Where does the word "부탁드립니다" occur in the entries below? Copy every line that has it.

Stored data entries
+-------+

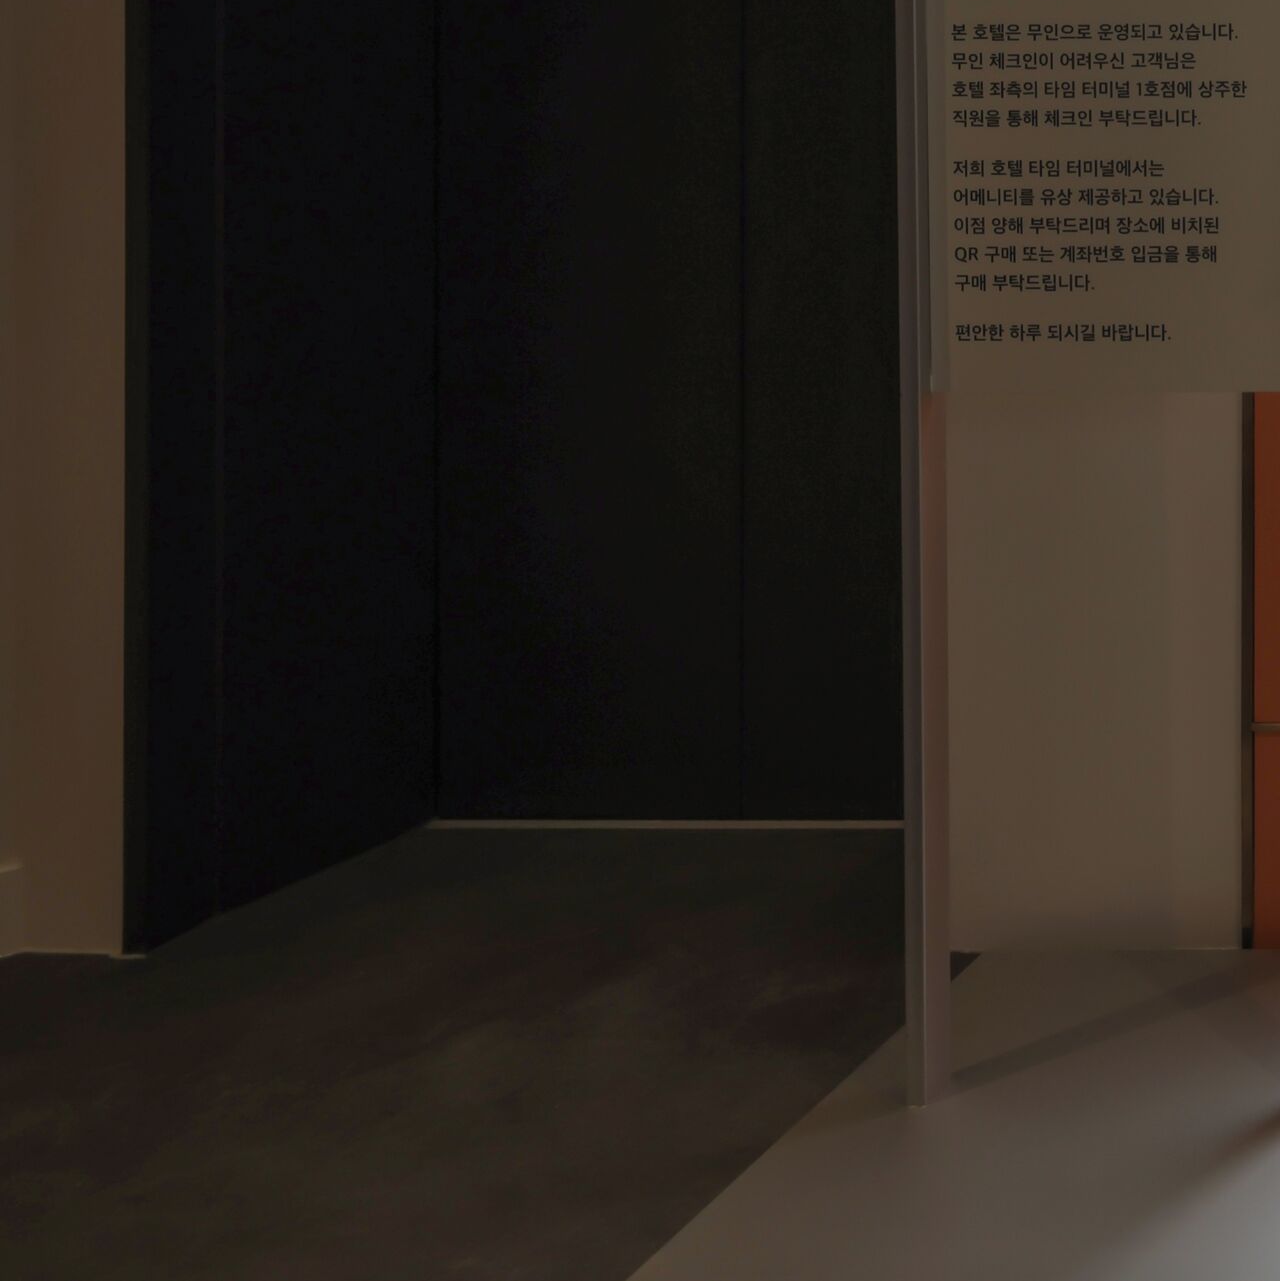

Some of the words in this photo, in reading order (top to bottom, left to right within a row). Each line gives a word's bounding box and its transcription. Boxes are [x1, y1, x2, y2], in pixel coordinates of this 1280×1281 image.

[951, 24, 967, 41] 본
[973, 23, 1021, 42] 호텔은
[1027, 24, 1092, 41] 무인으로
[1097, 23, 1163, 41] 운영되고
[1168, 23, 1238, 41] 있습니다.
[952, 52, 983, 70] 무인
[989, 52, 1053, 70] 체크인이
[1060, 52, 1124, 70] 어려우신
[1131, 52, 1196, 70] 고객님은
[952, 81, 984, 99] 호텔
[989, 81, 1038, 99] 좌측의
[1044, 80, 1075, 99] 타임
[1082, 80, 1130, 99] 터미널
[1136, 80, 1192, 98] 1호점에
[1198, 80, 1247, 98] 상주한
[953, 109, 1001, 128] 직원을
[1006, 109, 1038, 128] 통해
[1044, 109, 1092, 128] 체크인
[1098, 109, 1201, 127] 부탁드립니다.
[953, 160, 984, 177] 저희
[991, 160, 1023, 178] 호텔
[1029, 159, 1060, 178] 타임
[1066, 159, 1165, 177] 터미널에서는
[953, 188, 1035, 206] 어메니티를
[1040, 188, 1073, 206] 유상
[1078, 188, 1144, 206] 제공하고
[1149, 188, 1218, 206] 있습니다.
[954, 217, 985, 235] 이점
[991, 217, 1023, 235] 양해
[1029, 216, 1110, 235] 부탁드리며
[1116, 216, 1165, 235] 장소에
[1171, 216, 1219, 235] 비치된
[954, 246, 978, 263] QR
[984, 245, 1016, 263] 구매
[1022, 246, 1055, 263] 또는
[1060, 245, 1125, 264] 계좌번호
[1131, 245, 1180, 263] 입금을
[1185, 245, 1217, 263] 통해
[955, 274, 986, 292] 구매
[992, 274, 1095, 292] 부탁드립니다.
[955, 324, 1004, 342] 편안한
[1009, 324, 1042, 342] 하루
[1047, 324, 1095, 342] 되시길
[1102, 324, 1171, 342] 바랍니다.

+-------+

* [Answer for this exercise]:
[1098, 109, 1201, 127] 부탁드립니다.
[992, 274, 1095, 292] 부탁드립니다.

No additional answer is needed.